I had a good question recently from someone who asked if recovery meant that God simply zapped me better…
My initial response to say ‘HA! If only..’ But there’s more to it than that.
For one thing, I’m still in recovery. Along with many ex-anorexics, I struggle with binge-eating: this beats starving myself, but it’s still looking to food for comfort. I no longer obsess about weight/calories … but I still have body hang-ups. Even now, years since I was really unwell, I bear some of the old scars. I’m a long way from where I’ve been, but God’s not done yet.
But there’s a sense in which Jesus has done – and is – working out a miracle in my life. ‘My story‘ explains this a little more fully, (as will my book coming out this summer), but the turning point was this: Jesus spoke to me. He said: ‘That’s enough. I’ve bought you, you are mine and I won’t let you live like this any more’. However, it wasn’t like X-Factor: there were no blinding flashes of light or smoke. Jesus ‘spoke’ through a book – the Bible – and John’s words from Revelation.
I reckon Jesus had been speaking to me for a long time before – but at this point, I heard. I met Someone bigger than me and my desires. Someone I could trust : who would be with me and help me at every step. And something changed.

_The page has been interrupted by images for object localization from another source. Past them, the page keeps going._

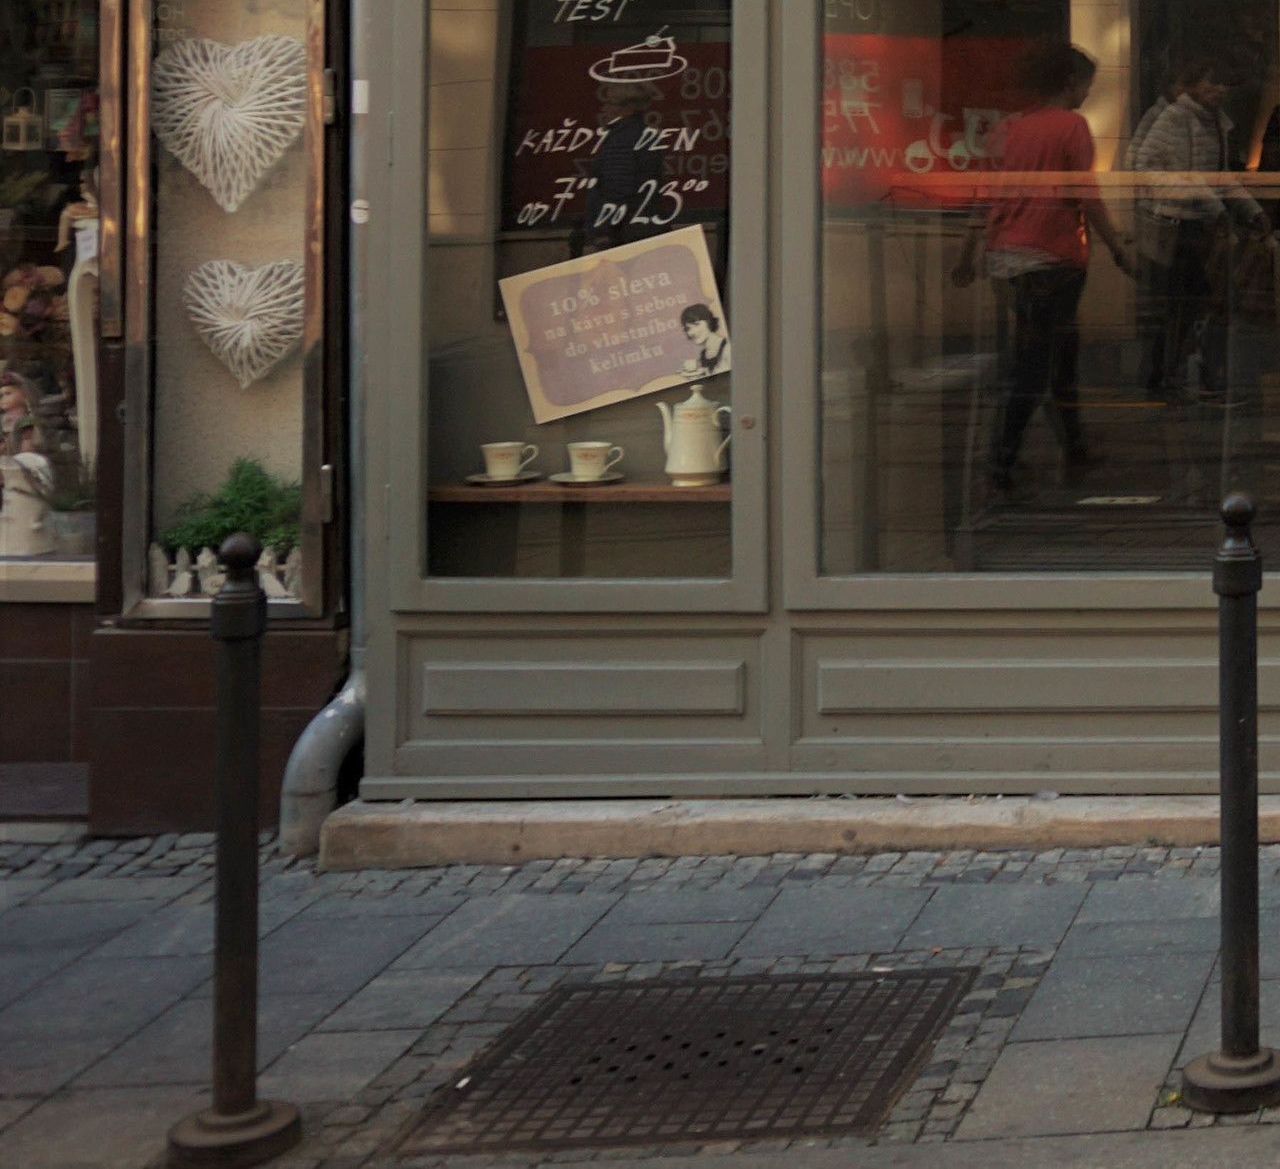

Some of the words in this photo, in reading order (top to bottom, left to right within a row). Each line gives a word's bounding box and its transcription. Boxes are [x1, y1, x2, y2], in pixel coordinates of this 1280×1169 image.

[515, 116, 623, 157] KAŽDÝ
[633, 127, 701, 153] DEN
[516, 201, 549, 226] OD
[593, 202, 628, 228] DO
[549, 287, 600, 318] 10%
[607, 270, 672, 302] sleva

In some ways, this was a totally unique and miraculous experience. Yet in others, it was the crystalisation of what I had already known: the offer of relationship with Jesus made to me – and to everyone. The same power and relationship I knew and know are available to all who throw themselves on Him. It was a miracle – but in the same way as anyone who sees who Jesus is has had their eyes opened.
The biggest challenge to me was in the area of my heart and the lordship I desired over my own life. But it had many repercussions: not least for my eating disorder.
This one miracle works out in lots of little miracles too. But painful, complicated, messy and time-consuming. Lots of little steps forward – and also lots of steps back.
To begin with, most days were just horrible. I wanted to stay in bed and be left alone – but I also needed constant companionship and reassurance. I started to eat, but every meal was a struggle and building up to a normal calorie intake took took a long time. Then there was the challenge of putting on weight, outgrowing old clothes, trying new foods. I started to talk about my feelings – but this too was painful: slammed doors and shouting and heavy silences and tears and prayers. I was furious and depressed and despairing. I believed that Jesus was calling me to recovery, but I rarely felt it. Instead, I howled at Him and at Glen and the world. I felt like I was hanging on by a thread – and I couldn’t see where I was going or when it would end.
But over time, the struggles eased. There were whole hours where I didn’t think about my body. People loved and prayed for me and gradually wooed me out of my isolation. I started to feel human and to see a world outside of myself. I started to see the Lord’s hand – not just in the present, but in the past. As I trusted who He said He was, I experienced the relationship I had read so much about. And then the real, heart recovery began.